Diretor do Lafergs, Paulo Mayorga também aponta a competitividade do mercado farmacêutico como um agravante para a crise enfrentada pelos laboratórios oficiais. Segundo ele, com a tendência de fusão de empresas, o acesso fica cada vez mais restrito, pois esses grupos passam a fabricar milhões de unidades em pouco tempo, reduzindo o preço final.
Uma das alternativas para que o laboratório conquiste a sustentabilidade, conforme o diretor, é a mudança de figura jurídica do atual departamento da Fepps, mas a discussão ainda é incipiente. Questionado sobre uma possível venda da estrutura, Mayorga é enfático:
— Posso estar equivocado, mas desconheço casos no Brasil de estruturas deficitárias que tenham sido privatizadas. Seria um retrocesso, porque o Lafergs é um grande patrimônio público, e a ideia do medicamento como elemento da soberania nacional é uma coisa muito forte para muitos países.
A passos lentos
O Lafergs foi fundado em 1972, no governo Euclides Triches, com o objetivo de produzir medicamentos para atender aos programas de saúde, com distribuição e comercialização na rede pública
Governo Germano Rigotto
— Em setembro de 2004, a fábrica foi fechada para que fossem executadas as obras de ampliação. Uma empresa foi contratada por R$ 4,5 milhões, com prazo de trabalho de 120 dias.

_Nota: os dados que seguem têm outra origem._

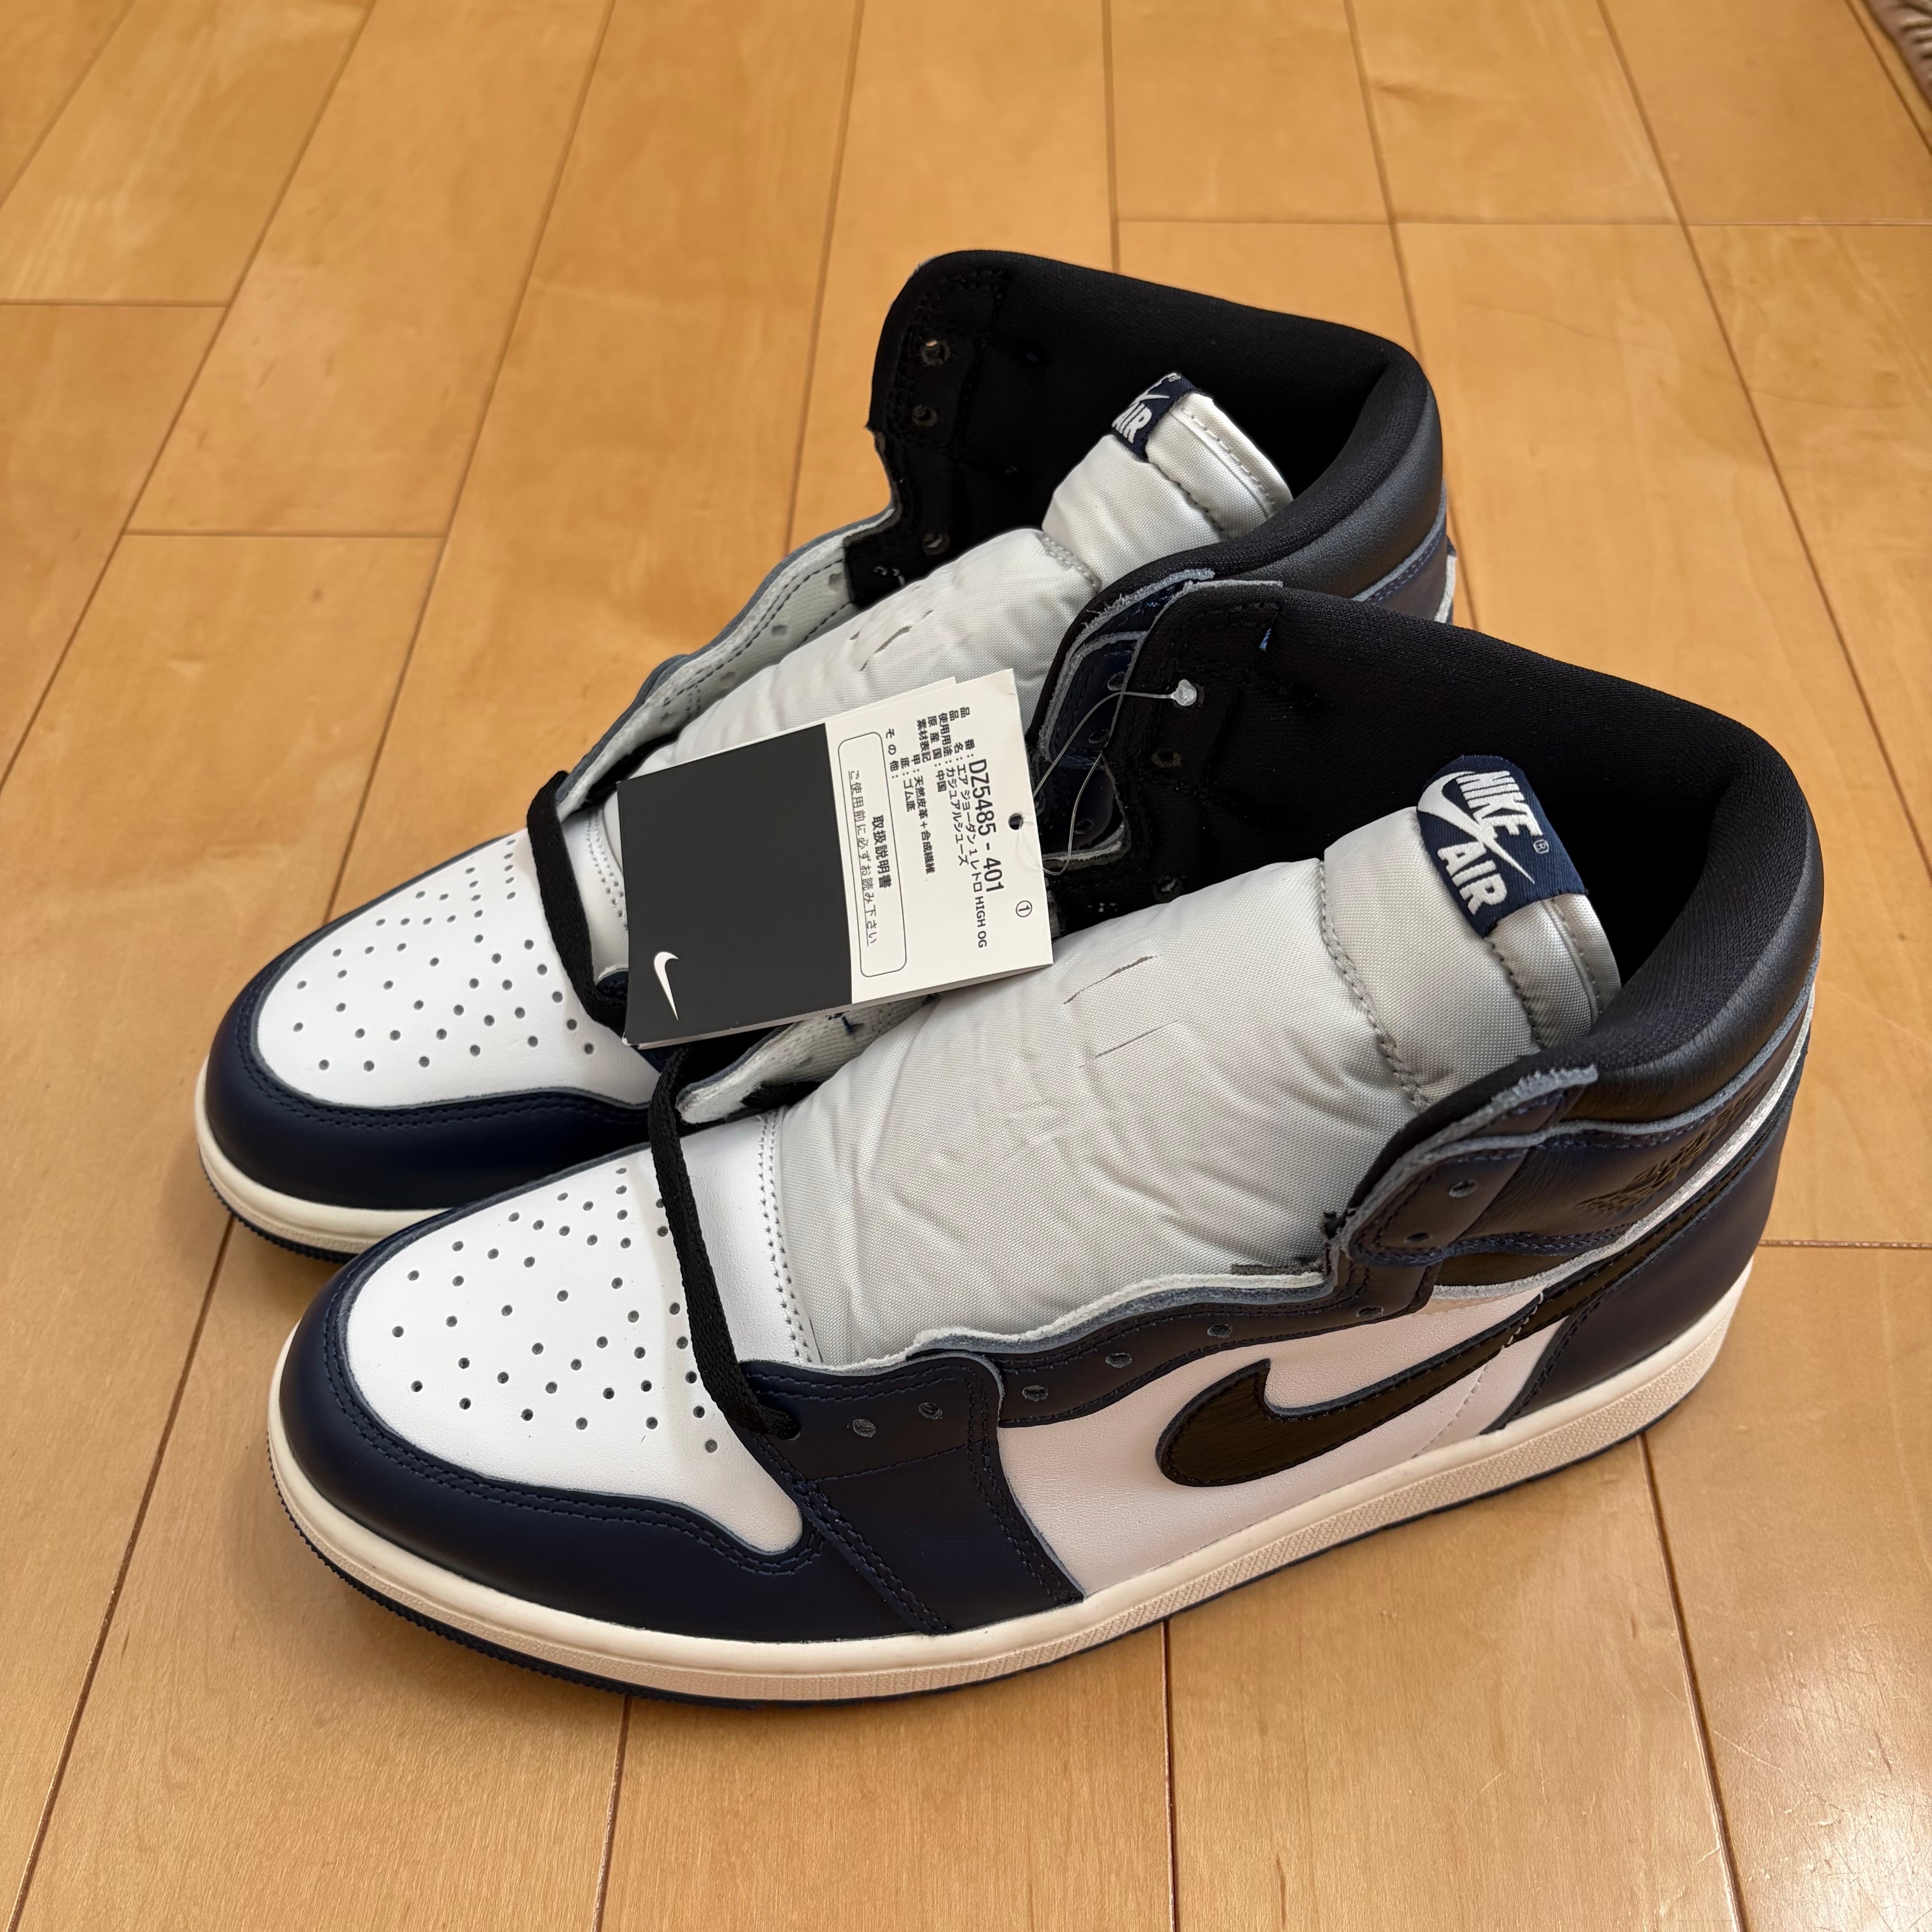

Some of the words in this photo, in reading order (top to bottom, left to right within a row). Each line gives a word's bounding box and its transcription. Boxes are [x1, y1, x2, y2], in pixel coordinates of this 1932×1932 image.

— O então secretário da Saúde, Osmar Terra, chegou a inaugurar parte das instalações físicas em março de 2006. A expectativa era de que ainda naquele ano fosse retomada a produção, mas as obras não foram concluídas.
Governo Yeda Crusius
— Por conta do atraso nas obras, o contrato de execução foi rescindido em 2007. No ano seguinte, outra empresa venceu a licitação de R$ 3,2 milhões, com prazo de 180 dias para conclusão dos serviços.
— Em dezembro de 2010, foi inaugurada a obra de ampliação, mas ainda sem garantir a retomada da produção. Na época, o governo calculava ter investido R$ 10 milhões para que o laboratório voltasse a produzir medicamentos de acordo com as normas da Anvisa.
Governo Tarso Genro
— Em 2011, o Lafergs obteve da Vigilância Sanitária a condição técnica operacional (CTO), documento essencial para o encaminhamento da aprovação de novos registros de medicamentos na Anvisa. Devido à prolongada inoperância, o Lafergs perdeu o registro de 12 remédios produzidos até 2004.
— Há dois meses, Lafergs, Ministério da Saúde e Laboratório Farmacêutico Cristália, de Itapira (SP), assinaram parcerias de desenvolvimento produtivo (PDP) de três medicamentos para tratamento da malária e da leishmaniose.
— A expectativa é de que produtos com a marca Lafergs, fabricados pelo Cristália, cheguem ao mercado no ano que vem. Contudo, a reativação da indústria ainda depende de investimentos na ordem de R$ 25 milhões, segundo a direção.